Tuesday, March 16, 2010

Kabul, the Fulcrum of History

I've recently discovered, thanks to Jon Courtney at SPACE Gallery, the wonderful blog of Adam Curtis, a BBC documentarian and video archivist. The Medium and the Message mines a treasure-trove of old BBC clips, mostly from the Cold War era, to synthesize new historical narratives for our era. I think that it's the finest example of blogging I've come across yet, a seamless, beautiful, and compulsively engaging combination of words, photography, and video.

I'm currently poring through Curtis's ongoing series of posts on Kabul, and its historic role as the place where empires go to begin their decline. It begins with the British empire retreating from Kabul in 1841 - an event dramatized in 1971 BBC documentary - and traces the origins of Islam in Afghanistan, then discusses the West's 20th-century efforts to Westernize the city and the nation. There's a bit about Buckminster Fuller's pavilion for the Kabul International Trade Fair of 1956, and the establishment of the national airline, and the evolution of Afghan rock and roll. And the latest post, about the parallel lives of Benazir Bhutto - who helped to fund and empower the Afghan Taliban - and Yegor Gaidar, who implemented Russia's rapid, "shock therapy" transition to capitalism under Boris Yeltsin.

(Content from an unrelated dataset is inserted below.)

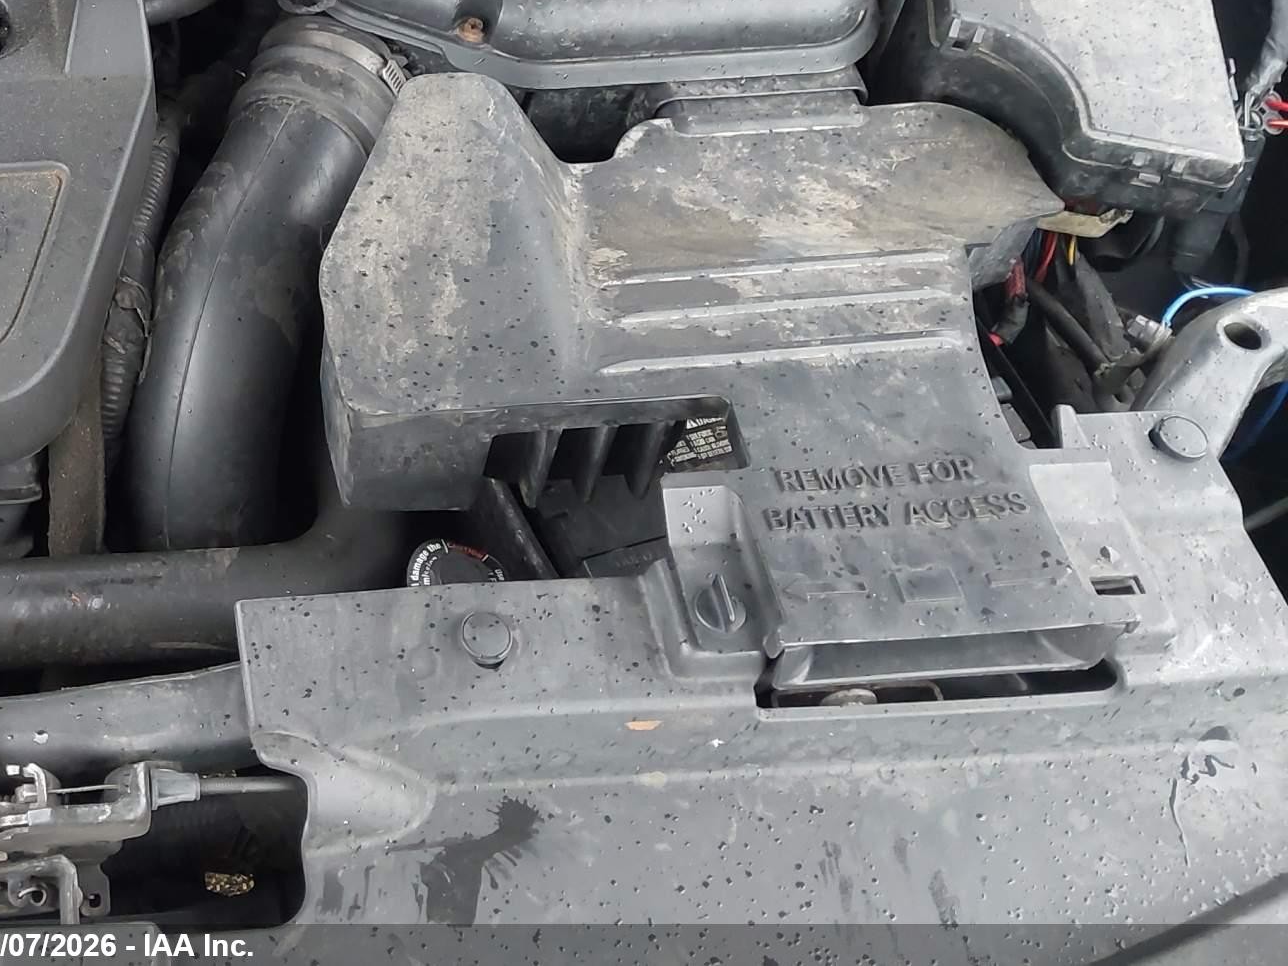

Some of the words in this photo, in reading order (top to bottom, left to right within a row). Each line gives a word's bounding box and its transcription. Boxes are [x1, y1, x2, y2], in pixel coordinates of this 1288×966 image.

Here's some amazing footage that Curtis cribbed from a 1985 BBC report. It shows a modern Kabul factory, with middle-class workers, at the beginning of the Soviet invasion:

Also in that same post is a clip that shows the offices of GOSPLAN, the Soviet central economic planning bureau, just a few months before the collapse of communism. But do yourself a favor and read the whole thing - quoting bits and pieces here makes it sound like a mishmash, but Curtis weaves these different vignettes together beautifully.

Note: Unfortunately, BBC's video player is only designed to work in the UK, so only some clips on Curtis's blog will work. But this gives Americans a chance to see the internet the same way that savvy Chinese users do: by using proxy servers to fool the censors. Here's how.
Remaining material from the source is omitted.